- Exercise -
From first line to last, copy the material below exactly.

****

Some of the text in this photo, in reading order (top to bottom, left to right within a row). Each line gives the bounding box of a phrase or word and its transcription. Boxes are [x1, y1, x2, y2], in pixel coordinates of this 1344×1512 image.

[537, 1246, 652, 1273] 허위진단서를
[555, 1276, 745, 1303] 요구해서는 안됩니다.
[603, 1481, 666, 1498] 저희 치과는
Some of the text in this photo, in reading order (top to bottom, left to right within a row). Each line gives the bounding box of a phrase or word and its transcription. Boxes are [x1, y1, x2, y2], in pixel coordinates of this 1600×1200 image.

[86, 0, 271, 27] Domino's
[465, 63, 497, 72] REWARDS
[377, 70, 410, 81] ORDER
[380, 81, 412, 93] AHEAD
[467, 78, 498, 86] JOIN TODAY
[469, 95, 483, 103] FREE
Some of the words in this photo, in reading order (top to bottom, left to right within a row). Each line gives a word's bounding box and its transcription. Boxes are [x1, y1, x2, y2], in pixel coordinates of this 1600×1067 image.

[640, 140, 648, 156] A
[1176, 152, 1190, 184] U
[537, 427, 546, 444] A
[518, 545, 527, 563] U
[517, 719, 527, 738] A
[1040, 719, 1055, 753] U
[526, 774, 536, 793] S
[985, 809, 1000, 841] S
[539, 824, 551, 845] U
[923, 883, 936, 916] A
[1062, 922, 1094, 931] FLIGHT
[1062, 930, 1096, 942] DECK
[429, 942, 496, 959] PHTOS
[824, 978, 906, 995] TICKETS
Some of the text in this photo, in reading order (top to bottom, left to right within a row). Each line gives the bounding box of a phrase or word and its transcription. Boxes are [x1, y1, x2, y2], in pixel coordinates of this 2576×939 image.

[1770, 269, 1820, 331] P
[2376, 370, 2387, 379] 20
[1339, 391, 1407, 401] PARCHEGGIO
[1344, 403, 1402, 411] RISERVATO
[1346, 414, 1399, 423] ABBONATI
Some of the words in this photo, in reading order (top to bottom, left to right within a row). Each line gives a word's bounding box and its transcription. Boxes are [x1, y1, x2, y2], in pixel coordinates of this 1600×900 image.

****

- Solution to the problem -
Some of the text in this photo, in reading order (top to bottom, left to right within a row). Each line gives the bounding box of a phrase or word and its transcription. Boxes are [x1, y1, x2, y2], in pixel coordinates of this 1344×1512 image.

[537, 1246, 652, 1273] 허위진단서를
[555, 1276, 745, 1303] 요구해서는 안됩니다.
[603, 1481, 666, 1498] 저희 치과는
Some of the text in this photo, in reading order (top to bottom, left to right within a row). Each line gives the bounding box of a phrase or word and its transcription. Boxes are [x1, y1, x2, y2], in pixel coordinates of this 1600×1200 image.

[86, 0, 271, 27] Domino's
[465, 63, 497, 72] REWARDS
[377, 70, 410, 81] ORDER
[380, 81, 412, 93] AHEAD
[467, 78, 498, 86] JOIN TODAY
[469, 95, 483, 103] FREE
Some of the words in this photo, in reading order (top to bottom, left to right within a row). Each line gives a word's bounding box and its transcription. Boxes are [x1, y1, x2, y2], in pixel coordinates of this 1600×1067 image.

[640, 140, 648, 156] A
[1176, 152, 1190, 184] U
[537, 427, 546, 444] A
[518, 545, 527, 563] U
[517, 719, 527, 738] A
[1040, 719, 1055, 753] U
[526, 774, 536, 793] S
[985, 809, 1000, 841] S
[539, 824, 551, 845] U
[923, 883, 936, 916] A
[1062, 922, 1094, 931] FLIGHT
[1062, 930, 1096, 942] DECK
[429, 942, 496, 959] PHTOS
[824, 978, 906, 995] TICKETS
Some of the text in this photo, in reading order (top to bottom, left to right within a row). Each line gives the bounding box of a phrase or word and its transcription. Boxes are [x1, y1, x2, y2], in pixel coordinates of this 2576×939 image.

[1770, 269, 1820, 331] P
[2376, 370, 2387, 379] 20
[1339, 391, 1407, 401] PARCHEGGIO
[1344, 403, 1402, 411] RISERVATO
[1346, 414, 1399, 423] ABBONATI
Some of the words in this photo, in reading order (top to bottom, left to right within a row). Each line gives a word's bounding box and its transcription. Boxes are [x1, y1, x2, y2], in pixel coordinates of this 1600×900 image.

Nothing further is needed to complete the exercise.